_EXERCISE REQUIREMENTS_: Print out the entire listing verbatim.

--------------------

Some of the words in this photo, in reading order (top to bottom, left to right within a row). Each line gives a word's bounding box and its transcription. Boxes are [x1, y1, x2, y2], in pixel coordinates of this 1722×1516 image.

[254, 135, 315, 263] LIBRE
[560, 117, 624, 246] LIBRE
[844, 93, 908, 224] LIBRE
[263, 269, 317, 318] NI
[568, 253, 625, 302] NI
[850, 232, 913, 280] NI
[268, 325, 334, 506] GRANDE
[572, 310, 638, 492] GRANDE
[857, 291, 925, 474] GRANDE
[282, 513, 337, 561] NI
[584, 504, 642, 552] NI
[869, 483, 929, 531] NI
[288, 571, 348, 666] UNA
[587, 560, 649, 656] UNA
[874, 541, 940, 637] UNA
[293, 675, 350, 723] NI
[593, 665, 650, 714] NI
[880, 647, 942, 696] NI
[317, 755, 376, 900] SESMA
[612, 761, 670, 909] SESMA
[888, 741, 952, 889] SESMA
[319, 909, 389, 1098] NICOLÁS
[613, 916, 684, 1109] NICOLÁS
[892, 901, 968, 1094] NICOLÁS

--------------------

_ANSWER SECTION_:
Some of the words in this photo, in reading order (top to bottom, left to right within a row). Each line gives a word's bounding box and its transcription. Boxes are [x1, y1, x2, y2], in pixel coordinates of this 1722×1516 image.

[254, 135, 315, 263] LIBRE
[560, 117, 624, 246] LIBRE
[844, 93, 908, 224] LIBRE
[263, 269, 317, 318] NI
[568, 253, 625, 302] NI
[850, 232, 913, 280] NI
[268, 325, 334, 506] GRANDE
[572, 310, 638, 492] GRANDE
[857, 291, 925, 474] GRANDE
[282, 513, 337, 561] NI
[584, 504, 642, 552] NI
[869, 483, 929, 531] NI
[288, 571, 348, 666] UNA
[587, 560, 649, 656] UNA
[874, 541, 940, 637] UNA
[293, 675, 350, 723] NI
[593, 665, 650, 714] NI
[880, 647, 942, 696] NI
[317, 755, 376, 900] SESMA
[612, 761, 670, 909] SESMA
[888, 741, 952, 889] SESMA
[319, 909, 389, 1098] NICOLÁS
[613, 916, 684, 1109] NICOLÁS
[892, 901, 968, 1094] NICOLÁS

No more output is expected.